This question itself exposes elitism. The riots in London and the outskirts have revealed that it is not economy in the doldrums that led to the protests. No, not protests, it is riots, say the mainstream media, as they shout down ‘other’ voices. The problem is not with how the economy is doing but what the economy makes people do. If it were disgruntled Black youth, then why would they rob their own neighbourhoods and kill people who were not the bratpack? What was the police’s pregnant pause about? To let this happen and send a message that crime in the ghettos is the driving force behind recession?

When Cameron finally woke up – revived, one might say, after his belated Tuscan café outings – he spoke about using water cannons against the “culture of fear”. An indelicate analogy may be drawn as to how people often react to fear with a full bladder. It is an instinctive bodily need. The Prime Minister is conducting the business of politics in just such an impulsive manner.

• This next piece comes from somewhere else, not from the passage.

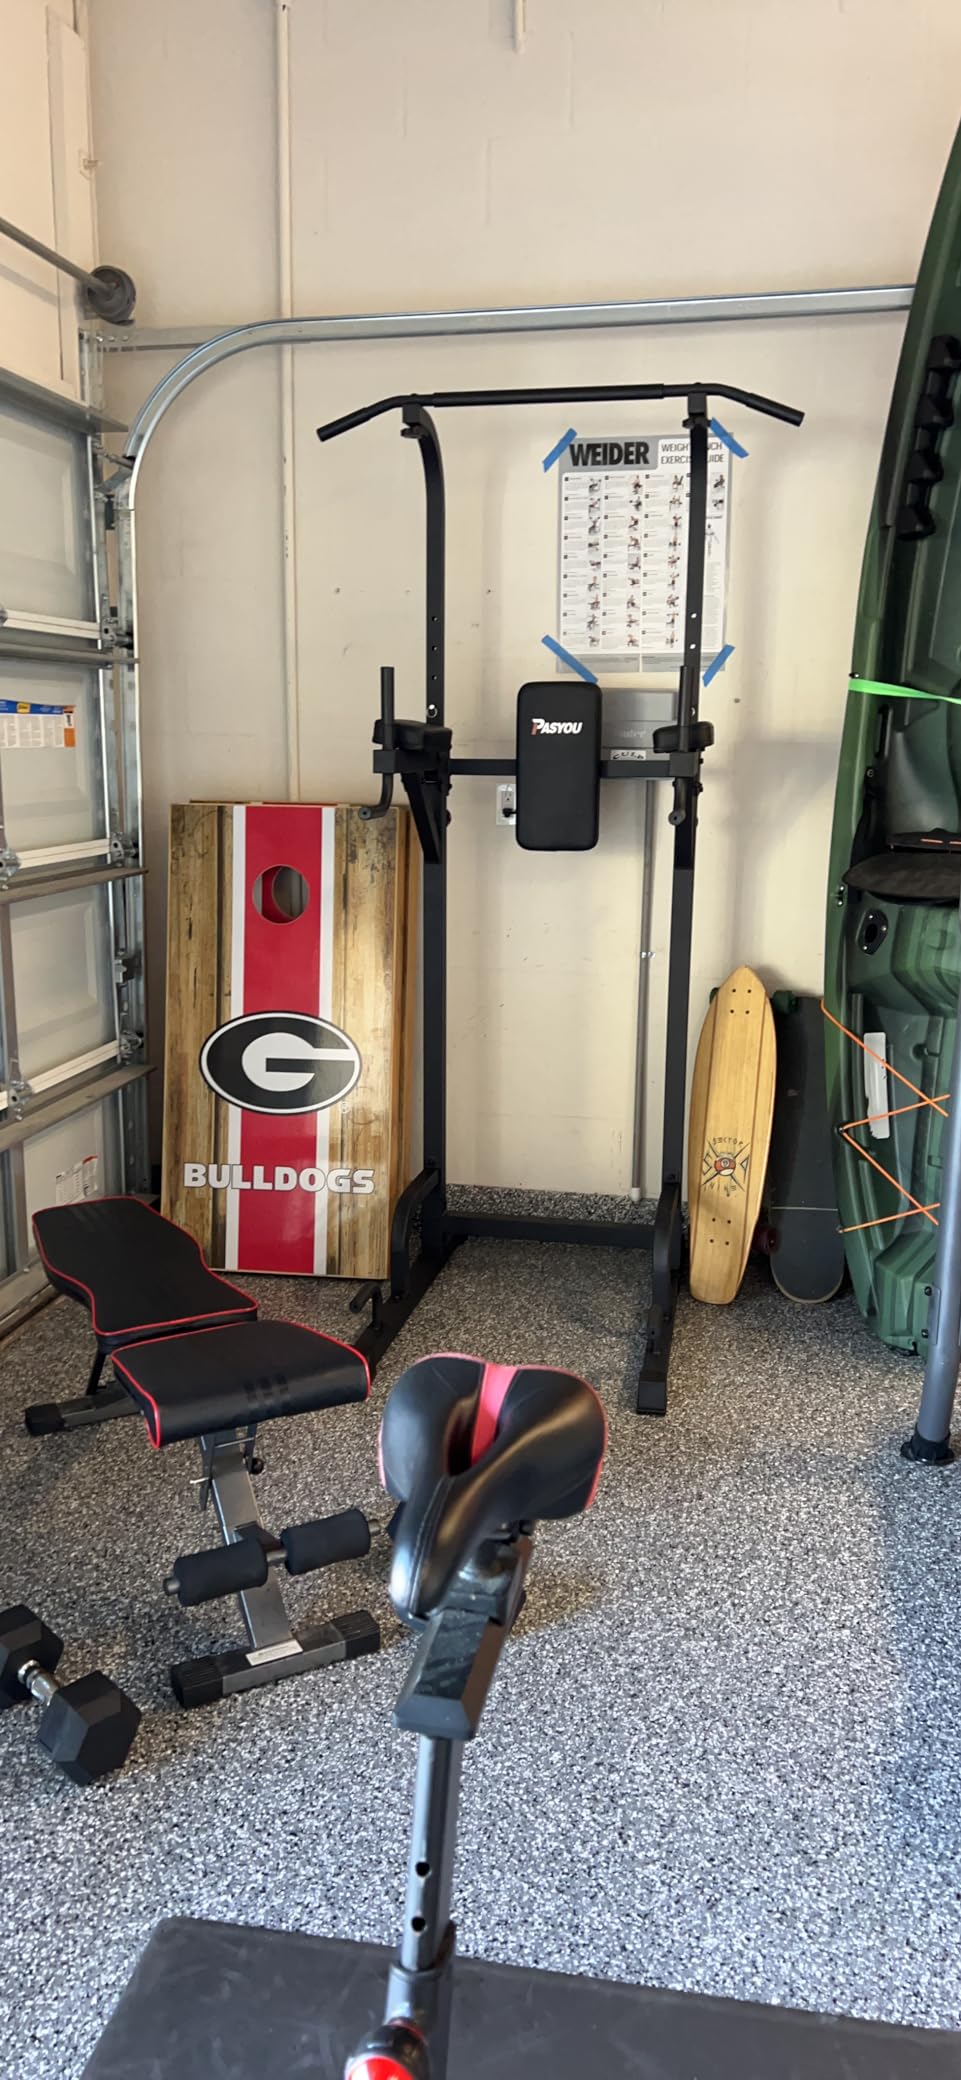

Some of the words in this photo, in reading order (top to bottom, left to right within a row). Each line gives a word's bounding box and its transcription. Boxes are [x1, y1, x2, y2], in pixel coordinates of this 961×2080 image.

This deciduousness of culture is in fact due to propagated fear. We have seen and heard how Darcus Howe, West Indian writer and broadcaster, was verbally pummeled by the BBC anchor . He called this an insurgency. He wanted to recollect history; she wanted a human interest story: “So, you were saying about your grandson…”

The leader of the nation has all the sons and grandsons on his fingertips. He said, “In too many cases, the parents of these children – if they are still around – don’t care where their children are or who they are with, let alone what they are doing. The potential consequences of neglect and immorality on this scale have been clear for too long, without enough action being taken.”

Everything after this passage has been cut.